2. The Company is a defendant in a consolidated class action filed in the
United States District Court for the Northern District of Illinois in
1993 which names the Company, five other pharmaceutical wholesalers
and twenty-six pharmaceutical manufacturers as defendants, In re Brand
Name Prescription Drugs Litigation, MDL 997. Plaintiffs allege that
pharmaceutical manufacturers and wholesalers conspired to fix prices
of brand-name prescription drugs sold to retail pharmacies at
artificially high levels in violation of the federal antitrust laws.
The plaintiffs seek injunctive relief, unspecified treble damages,
costs, interest and attorneys' fees. The Company has denied the
complaint allegations.
In April 1996, the Court granted the wholesalers' motion for summary
judgment and dismissed the wholesaler defendants, including the
Company, from the action finding that there was no evidence in the
record that the wholesaler defendants had conspired with the
pharmaceutical manufacturer defendants. The class action plaintiffs
appealed this decision to the U.S. Court of Appeals for the Seventh
Circuit. The Court of Appeals heard oral argument on June 25, 1997.
It has not yet issued a decision.
The trial court, on January 30, 1997, denied the plaintiffs' motion
under Fed. R. Civ. P. 60(b) to reopen the summary judgment issues
involving the wholesaler defendants.
A majority of the manufacturer defendants and the class plaintiffs
have reached a settlement agreement, which was approved by the Court.

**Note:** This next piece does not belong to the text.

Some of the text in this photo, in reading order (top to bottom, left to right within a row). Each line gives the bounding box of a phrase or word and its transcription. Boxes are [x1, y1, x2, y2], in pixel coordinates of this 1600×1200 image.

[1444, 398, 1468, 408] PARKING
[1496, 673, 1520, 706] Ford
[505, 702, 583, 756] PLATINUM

The approval was affirmed by the Seventh Circuit. In addition, on May
30, 1997, the Court of Appeals dismissed the individual plaintiffs'
appeals of the summary judgment in favor of the wholesaler defendants,
holding that these plaintiffs had no standing to prosecute the appeal.

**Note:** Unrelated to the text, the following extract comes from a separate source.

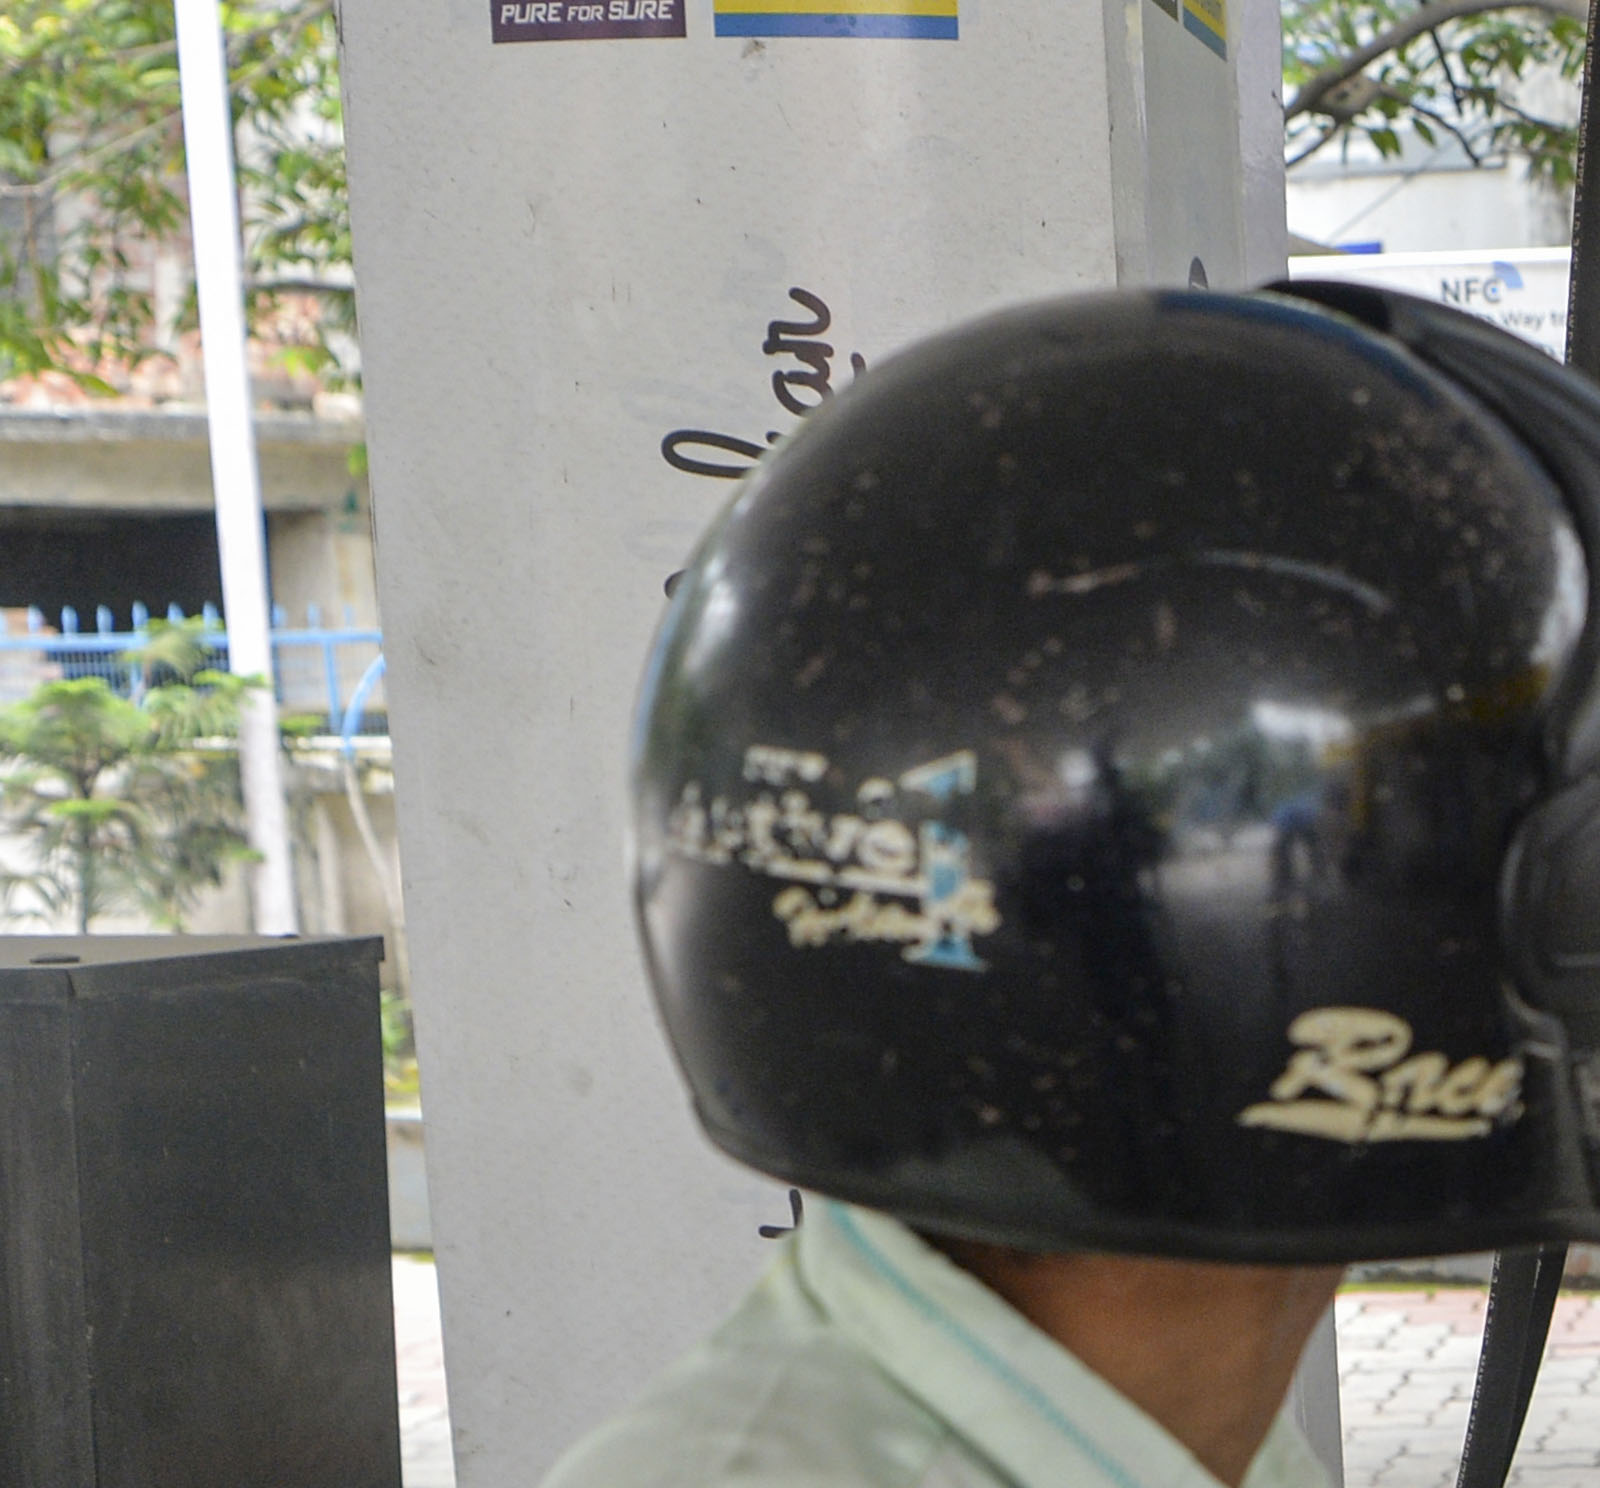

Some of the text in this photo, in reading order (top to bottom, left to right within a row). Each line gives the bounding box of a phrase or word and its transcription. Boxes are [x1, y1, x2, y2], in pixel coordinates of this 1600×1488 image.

On July 1, 1996, the Company and several other wholesalers were joined
as the defendants in a seventh amended and restated complaint filed in
the Circuit Court of Greene County, Alabama, Durrett v. The Upjohn
Company, Civil Action No. 94-029. The case was first filed in 1994.

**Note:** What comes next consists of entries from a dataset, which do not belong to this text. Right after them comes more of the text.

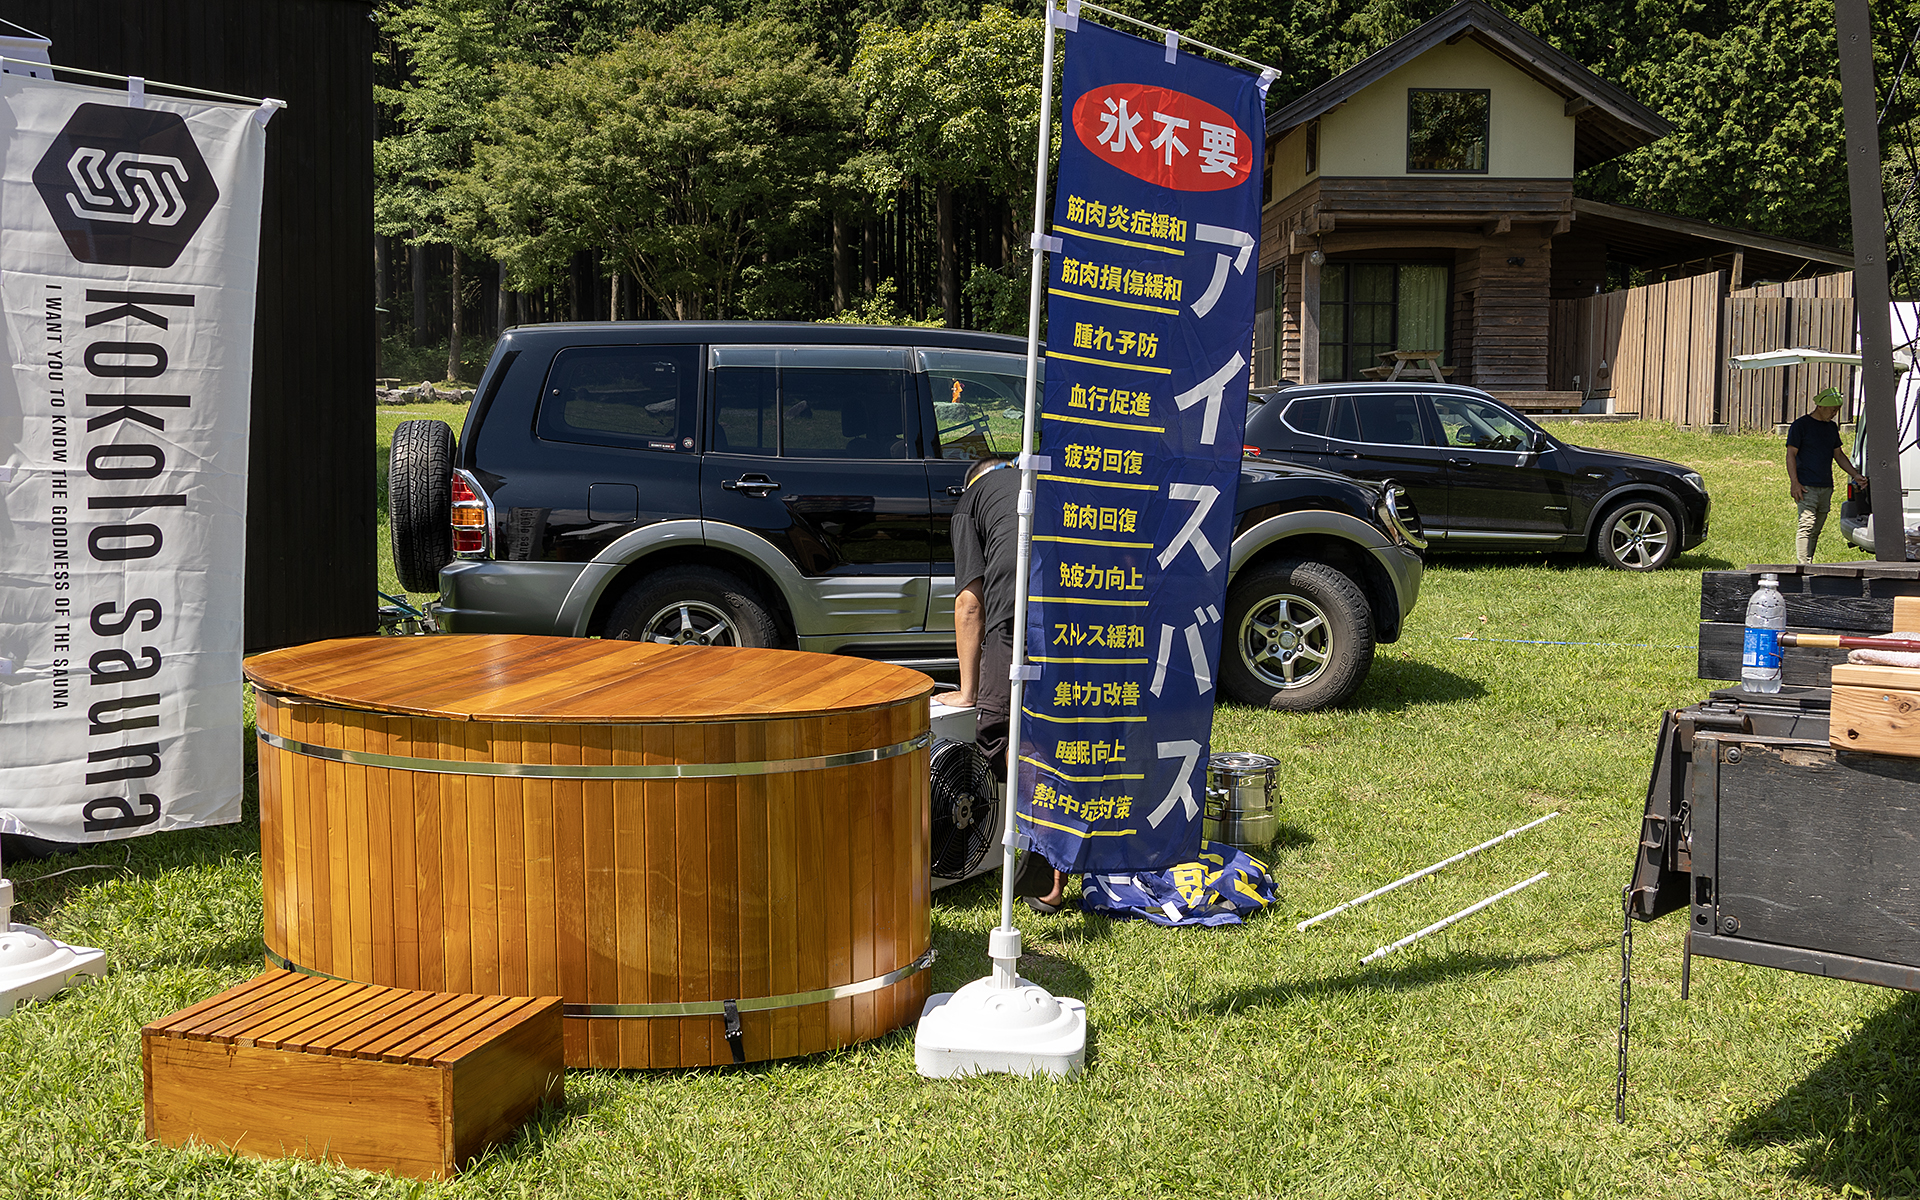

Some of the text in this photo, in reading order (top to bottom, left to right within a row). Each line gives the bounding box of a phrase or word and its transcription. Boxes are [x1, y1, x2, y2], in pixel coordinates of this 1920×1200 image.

[1096, 97, 1238, 178] 氷不要
[1066, 194, 1188, 243] 筋肉炎症緩和
[1060, 256, 1183, 302] 筋肉損傷緩和
[45, 297, 63, 344] WANT
[1073, 321, 1159, 359] 腫れ予防
[47, 350, 64, 381] YOU
[49, 388, 66, 408] TO
[1068, 382, 1152, 418] 血行促進
[51, 414, 67, 463] KNOW
[1064, 442, 1144, 476] 疲労回復
[52, 469, 68, 499] THE
[1062, 501, 1138, 533] 筋肉回復
[1146, 222, 1256, 829] アイスバス
[51, 506, 70, 591] GOODNESS
[81, 289, 196, 833] kokolo sauna
[1059, 561, 1144, 591] 免疫力向上
[54, 597, 70, 617] OF
[53, 622, 70, 653] THE
[1052, 622, 1145, 649] ストレス緩和
[52, 658, 69, 710] SAUNA
[1053, 681, 1141, 707] 集中力改善
[1055, 739, 1127, 766] 睡眠向上
[1032, 782, 1134, 823] 熱中症対策

The plaintiffs claim the prices of prescription drugs they purchase in
interstate commerce are artificially high because of alleged illegal
activities of the defendant pharmaceutical manufacturers and
wholesalers. The plaintiffs seek monetary damages, injunctive relief
and punitive damages. The Company has denied the allegations of the
complaint.
The manufacturer defendants filed motions to dismiss and for judgment
on the pleadings arguing that the Alabama Antitrust Statute applies
only to intrastate commerce. The trial court denied defendants'
motions and defendants have appealed the issue to the Alabama Supreme
Court, which accepted the appeal on February 7, 1997. The defendants
submitted their appeal briefs on May 12, 1997. In addition,
plaintiffs' motion for class certification is pending before trial
court.
On March 7, 1997, the manufacturer defendants filed a motion for a
continuance of the trial in the Alabama action pending the Alabama
Supreme Court's decision and pending a decision by the Seventh Circuit
Court of Appeals in the federal multidistrict litigation. The
plaintiffs moved for a complete stay of discovery for the same
reasons. The trial court granted the manufacturer defendants' motion
to continue the trial from October 1997 to Spring 1998. The case has
not otherwise been stayed pending the appeal.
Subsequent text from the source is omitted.